Source data
-=-=-

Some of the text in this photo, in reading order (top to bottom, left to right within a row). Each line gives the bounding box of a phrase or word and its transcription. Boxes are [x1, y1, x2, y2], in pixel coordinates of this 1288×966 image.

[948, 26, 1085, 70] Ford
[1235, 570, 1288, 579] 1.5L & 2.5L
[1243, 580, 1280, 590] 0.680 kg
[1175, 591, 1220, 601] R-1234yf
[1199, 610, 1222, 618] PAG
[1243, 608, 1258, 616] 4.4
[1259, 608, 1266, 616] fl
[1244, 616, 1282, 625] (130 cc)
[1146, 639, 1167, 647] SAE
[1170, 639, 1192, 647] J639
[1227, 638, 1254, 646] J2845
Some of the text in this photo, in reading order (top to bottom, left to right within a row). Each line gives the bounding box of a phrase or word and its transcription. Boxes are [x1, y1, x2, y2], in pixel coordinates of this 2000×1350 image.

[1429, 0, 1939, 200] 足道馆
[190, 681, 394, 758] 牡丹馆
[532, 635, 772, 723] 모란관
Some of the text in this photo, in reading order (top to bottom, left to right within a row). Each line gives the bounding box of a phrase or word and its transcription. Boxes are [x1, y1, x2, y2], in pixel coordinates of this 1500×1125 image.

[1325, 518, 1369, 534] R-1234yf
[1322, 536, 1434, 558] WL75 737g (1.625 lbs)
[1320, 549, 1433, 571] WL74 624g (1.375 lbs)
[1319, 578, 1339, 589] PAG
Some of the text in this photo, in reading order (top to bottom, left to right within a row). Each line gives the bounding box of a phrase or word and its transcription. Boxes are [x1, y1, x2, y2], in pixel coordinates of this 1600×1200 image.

-=-=-

Requirement
Print out the entire listing. Keep every line exact.

Exercise output
Some of the text in this photo, in reading order (top to bottom, left to right within a row). Each line gives the bounding box of a phrase or word and its transcription. Boxes are [x1, y1, x2, y2], in pixel coordinates of this 1288×966 image.

[948, 26, 1085, 70] Ford
[1235, 570, 1288, 579] 1.5L & 2.5L
[1243, 580, 1280, 590] 0.680 kg
[1175, 591, 1220, 601] R-1234yf
[1199, 610, 1222, 618] PAG
[1243, 608, 1258, 616] 4.4
[1259, 608, 1266, 616] fl
[1244, 616, 1282, 625] (130 cc)
[1146, 639, 1167, 647] SAE
[1170, 639, 1192, 647] J639
[1227, 638, 1254, 646] J2845
Some of the text in this photo, in reading order (top to bottom, left to right within a row). Each line gives the bounding box of a phrase or word and its transcription. Boxes are [x1, y1, x2, y2], in pixel coordinates of this 2000×1350 image.

[1429, 0, 1939, 200] 足道馆
[190, 681, 394, 758] 牡丹馆
[532, 635, 772, 723] 모란관
Some of the text in this photo, in reading order (top to bottom, left to right within a row). Each line gives the bounding box of a phrase or word and its transcription. Boxes are [x1, y1, x2, y2], in pixel coordinates of this 1500×1125 image.

[1325, 518, 1369, 534] R-1234yf
[1322, 536, 1434, 558] WL75 737g (1.625 lbs)
[1320, 549, 1433, 571] WL74 624g (1.375 lbs)
[1319, 578, 1339, 589] PAG
Some of the text in this photo, in reading order (top to bottom, left to right within a row). Each line gives the bounding box of a phrase or word and its transcription. Boxes are [x1, y1, x2, y2], in pixel coordinates of this 1600×1200 image.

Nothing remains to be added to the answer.